* **What you should do**: Extract the data exactly, missing nothing.

* **Source material**:
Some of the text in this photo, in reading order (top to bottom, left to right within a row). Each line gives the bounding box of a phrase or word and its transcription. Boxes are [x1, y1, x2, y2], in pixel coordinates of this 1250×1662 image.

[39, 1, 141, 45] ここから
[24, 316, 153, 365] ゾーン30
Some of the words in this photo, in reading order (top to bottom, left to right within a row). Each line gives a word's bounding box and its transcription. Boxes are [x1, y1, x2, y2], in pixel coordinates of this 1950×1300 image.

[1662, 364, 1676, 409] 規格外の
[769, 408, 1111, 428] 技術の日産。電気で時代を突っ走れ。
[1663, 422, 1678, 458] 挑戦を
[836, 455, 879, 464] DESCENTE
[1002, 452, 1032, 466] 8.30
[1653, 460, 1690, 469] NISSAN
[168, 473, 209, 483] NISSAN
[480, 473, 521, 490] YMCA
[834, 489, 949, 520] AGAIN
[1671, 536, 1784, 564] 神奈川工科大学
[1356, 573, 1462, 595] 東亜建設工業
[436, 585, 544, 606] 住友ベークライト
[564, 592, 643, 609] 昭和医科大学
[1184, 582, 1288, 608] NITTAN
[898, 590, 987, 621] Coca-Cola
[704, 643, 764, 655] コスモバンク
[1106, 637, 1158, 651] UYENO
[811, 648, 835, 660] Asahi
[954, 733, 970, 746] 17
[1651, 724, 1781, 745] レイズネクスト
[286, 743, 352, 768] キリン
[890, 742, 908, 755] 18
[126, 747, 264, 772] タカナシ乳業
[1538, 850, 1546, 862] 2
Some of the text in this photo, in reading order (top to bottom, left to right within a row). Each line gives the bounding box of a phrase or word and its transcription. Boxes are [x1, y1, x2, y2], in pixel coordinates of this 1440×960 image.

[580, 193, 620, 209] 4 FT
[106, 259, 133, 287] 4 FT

* **Response area**:
Some of the text in this photo, in reading order (top to bottom, left to right within a row). Each line gives the bounding box of a phrase or word and its transcription. Boxes are [x1, y1, x2, y2], in pixel coordinates of this 1250×1662 image.

[39, 1, 141, 45] ここから
[24, 316, 153, 365] ゾーン30
Some of the words in this photo, in reading order (top to bottom, left to right within a row). Each line gives a word's bounding box and its transcription. Boxes are [x1, y1, x2, y2], in pixel coordinates of this 1950×1300 image.

[1662, 364, 1676, 409] 規格外の
[769, 408, 1111, 428] 技術の日産。電気で時代を突っ走れ。
[1663, 422, 1678, 458] 挑戦を
[836, 455, 879, 464] DESCENTE
[1002, 452, 1032, 466] 8.30
[1653, 460, 1690, 469] NISSAN
[168, 473, 209, 483] NISSAN
[480, 473, 521, 490] YMCA
[834, 489, 949, 520] AGAIN
[1671, 536, 1784, 564] 神奈川工科大学
[1356, 573, 1462, 595] 東亜建設工業
[436, 585, 544, 606] 住友ベークライト
[564, 592, 643, 609] 昭和医科大学
[1184, 582, 1288, 608] NITTAN
[898, 590, 987, 621] Coca-Cola
[704, 643, 764, 655] コスモバンク
[1106, 637, 1158, 651] UYENO
[811, 648, 835, 660] Asahi
[954, 733, 970, 746] 17
[1651, 724, 1781, 745] レイズネクスト
[286, 743, 352, 768] キリン
[890, 742, 908, 755] 18
[126, 747, 264, 772] タカナシ乳業
[1538, 850, 1546, 862] 2
Some of the text in this photo, in reading order (top to bottom, left to right within a row). Each line gives the bounding box of a phrase or word and its transcription. Boxes are [x1, y1, x2, y2], in pixel coordinates of this 1440×960 image.

[580, 193, 620, 209] 4 FT
[106, 259, 133, 287] 4 FT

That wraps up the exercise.